WHAT IS REQUIRED
In your copy, include every line of the records exactly and no picture at all.

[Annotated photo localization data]
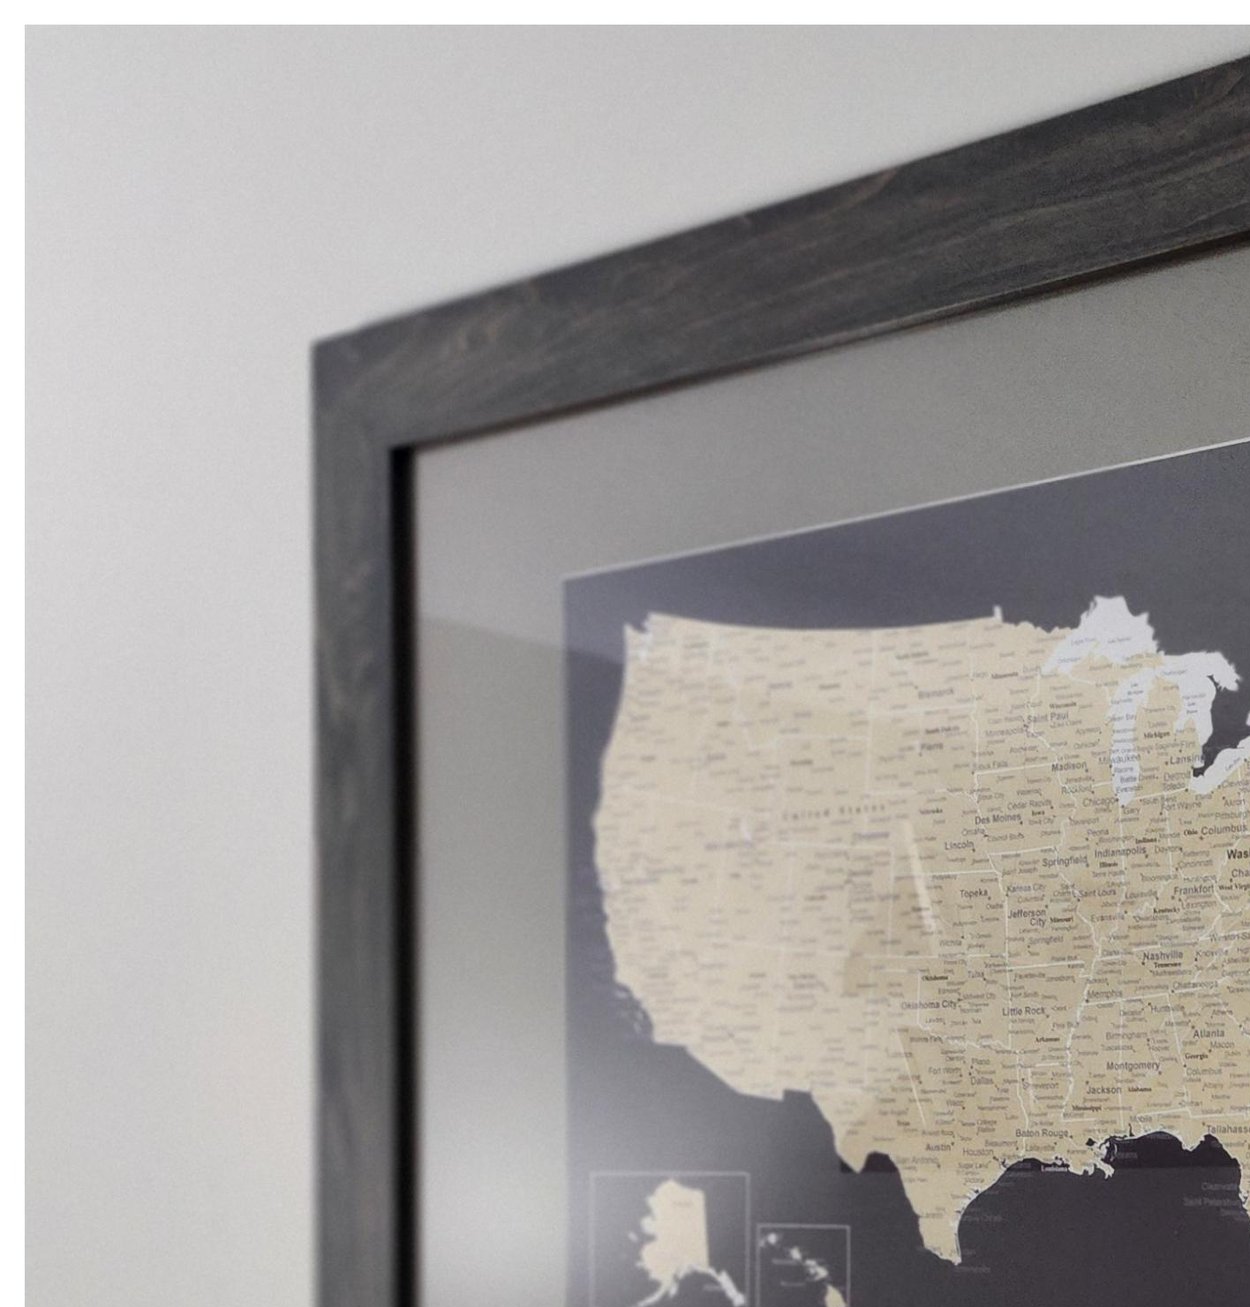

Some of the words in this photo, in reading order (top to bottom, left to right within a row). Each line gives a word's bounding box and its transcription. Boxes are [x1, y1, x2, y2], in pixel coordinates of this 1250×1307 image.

[1051, 762, 1087, 772] Madison
[975, 815, 990, 825] Des
[992, 814, 1021, 823] Moines
[1201, 824, 1248, 835] Columbus
[944, 841, 975, 851] Lincoln
[1095, 846, 1147, 858] Indianapolis
[1042, 855, 1088, 867] Springfield
[960, 888, 988, 899] Topeka
[1174, 884, 1214, 895] Frankfort
[1008, 909, 1046, 919] Jefferson
[1030, 918, 1046, 928] City
[1143, 951, 1184, 962] Nashville
[1002, 1008, 1022, 1017] Little
[1025, 1006, 1045, 1016] Rock
[1193, 1029, 1225, 1039] Atlanta
[1106, 1060, 1160, 1072] Montgomery
[1086, 1085, 1122, 1096] Jackson
[1015, 1128, 1040, 1138] Baton
[1041, 1128, 1069, 1139] Rouge

YOUR SOLUTION
Some of the words in this photo, in reading order (top to bottom, left to right within a row). Each line gives a word's bounding box and its transcription. Boxes are [x1, y1, x2, y2], in pixel coordinates of this 1250×1307 image.

[1051, 762, 1087, 772] Madison
[975, 815, 990, 825] Des
[992, 814, 1021, 823] Moines
[1201, 824, 1248, 835] Columbus
[944, 841, 975, 851] Lincoln
[1095, 846, 1147, 858] Indianapolis
[1042, 855, 1088, 867] Springfield
[960, 888, 988, 899] Topeka
[1174, 884, 1214, 895] Frankfort
[1008, 909, 1046, 919] Jefferson
[1030, 918, 1046, 928] City
[1143, 951, 1184, 962] Nashville
[1002, 1008, 1022, 1017] Little
[1025, 1006, 1045, 1016] Rock
[1193, 1029, 1225, 1039] Atlanta
[1106, 1060, 1160, 1072] Montgomery
[1086, 1085, 1122, 1096] Jackson
[1015, 1128, 1040, 1138] Baton
[1041, 1128, 1069, 1139] Rouge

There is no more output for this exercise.